Task description :: For each record below, retype the text exactly and omit any image.

Given data ::
-------

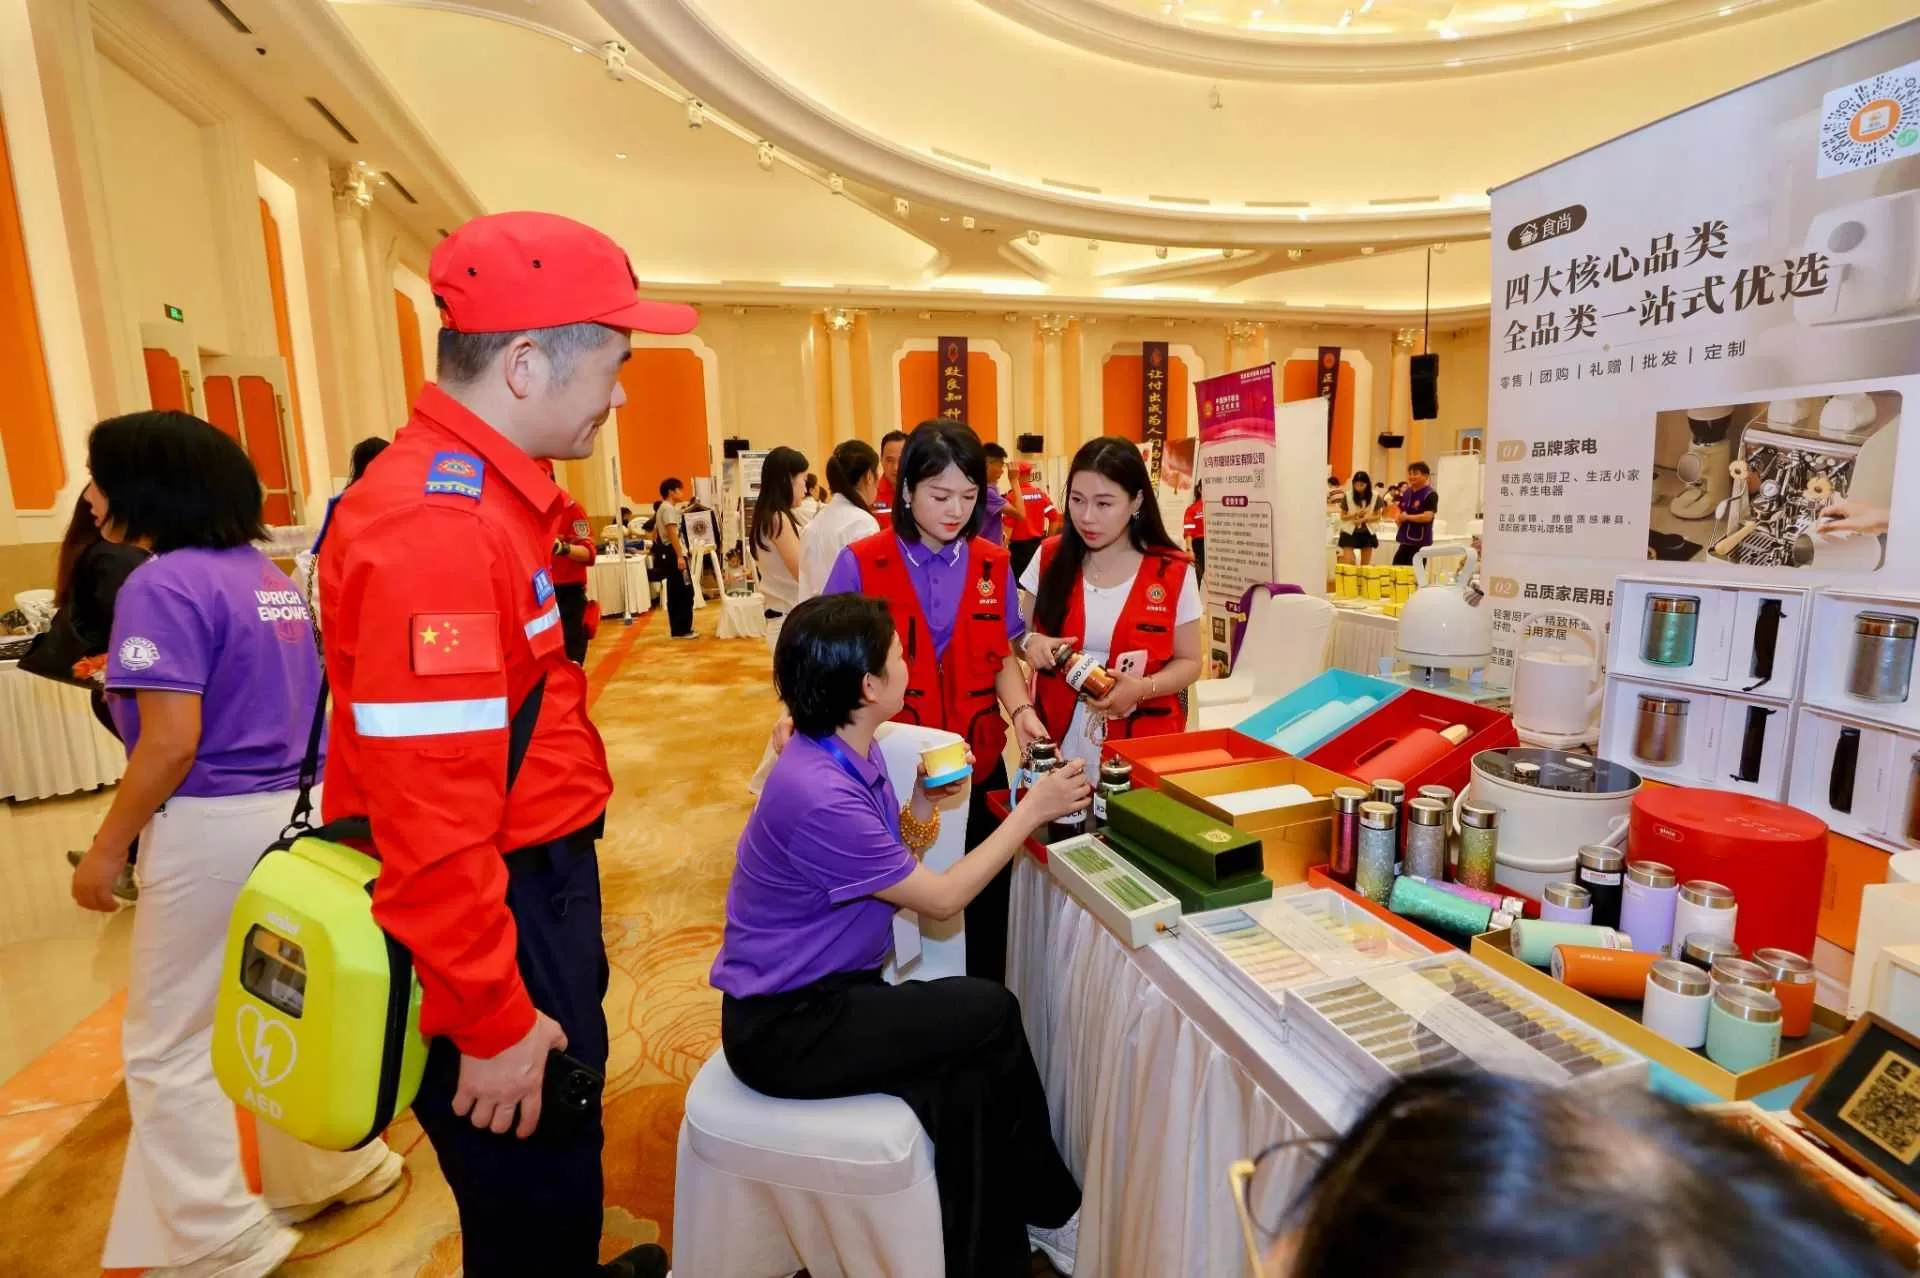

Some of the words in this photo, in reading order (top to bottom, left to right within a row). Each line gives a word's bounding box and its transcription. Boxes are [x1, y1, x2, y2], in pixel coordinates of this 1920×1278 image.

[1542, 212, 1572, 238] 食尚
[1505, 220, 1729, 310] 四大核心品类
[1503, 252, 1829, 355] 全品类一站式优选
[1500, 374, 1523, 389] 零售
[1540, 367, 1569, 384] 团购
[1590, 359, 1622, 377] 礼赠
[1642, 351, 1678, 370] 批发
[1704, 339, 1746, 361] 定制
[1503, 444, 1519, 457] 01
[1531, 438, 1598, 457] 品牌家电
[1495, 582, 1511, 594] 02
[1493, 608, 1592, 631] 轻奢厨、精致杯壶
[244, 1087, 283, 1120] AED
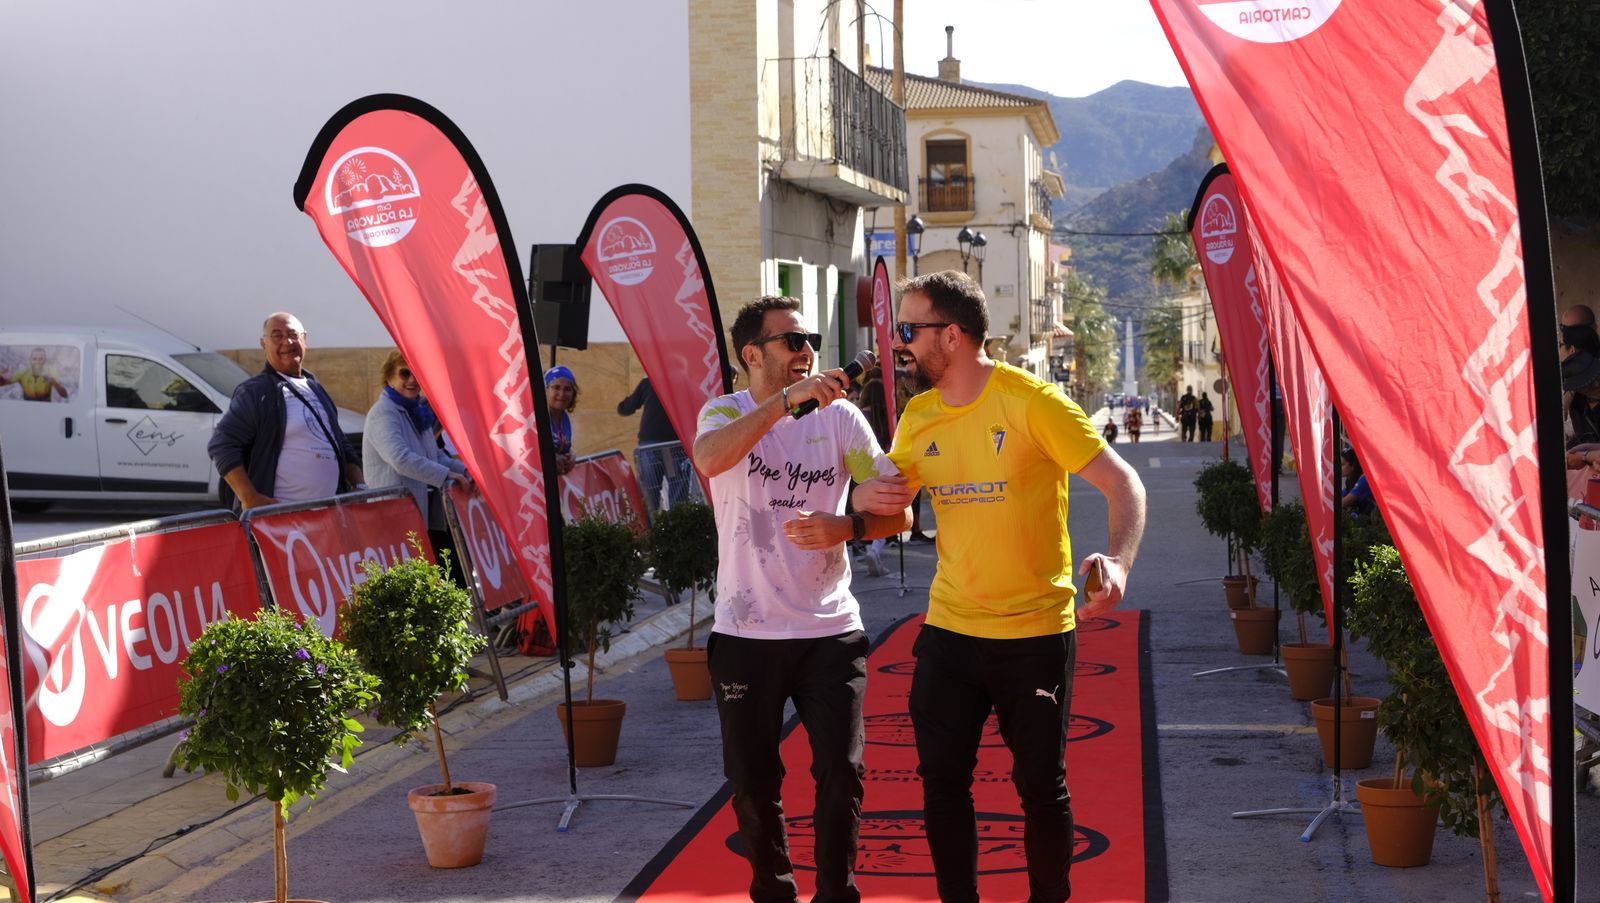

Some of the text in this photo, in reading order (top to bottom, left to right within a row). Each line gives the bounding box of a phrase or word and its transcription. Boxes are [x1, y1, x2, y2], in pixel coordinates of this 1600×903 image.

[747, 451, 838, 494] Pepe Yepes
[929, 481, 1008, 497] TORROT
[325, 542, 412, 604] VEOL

-------

Task response ::
Some of the words in this photo, in reading order (top to bottom, left to right within a row). Each line gives a word's bounding box and its transcription. Boxes are [x1, y1, x2, y2], in pixel coordinates of this 1920×1278 image.

[1542, 212, 1572, 238] 食尚
[1505, 220, 1729, 310] 四大核心品类
[1503, 252, 1829, 355] 全品类一站式优选
[1500, 374, 1523, 389] 零售
[1540, 367, 1569, 384] 团购
[1590, 359, 1622, 377] 礼赠
[1642, 351, 1678, 370] 批发
[1704, 339, 1746, 361] 定制
[1503, 444, 1519, 457] 01
[1531, 438, 1598, 457] 品牌家电
[1495, 582, 1511, 594] 02
[1493, 608, 1592, 631] 轻奢厨、精致杯壶
[244, 1087, 283, 1120] AED

Some of the text in this photo, in reading order (top to bottom, left to right within a row). Each line gives the bounding box of a phrase or word and its transcription. Boxes are [x1, y1, x2, y2], in pixel coordinates of this 1600×903 image.

[747, 451, 838, 494] Pepe Yepes
[929, 481, 1008, 497] TORROT
[325, 542, 412, 604] VEOL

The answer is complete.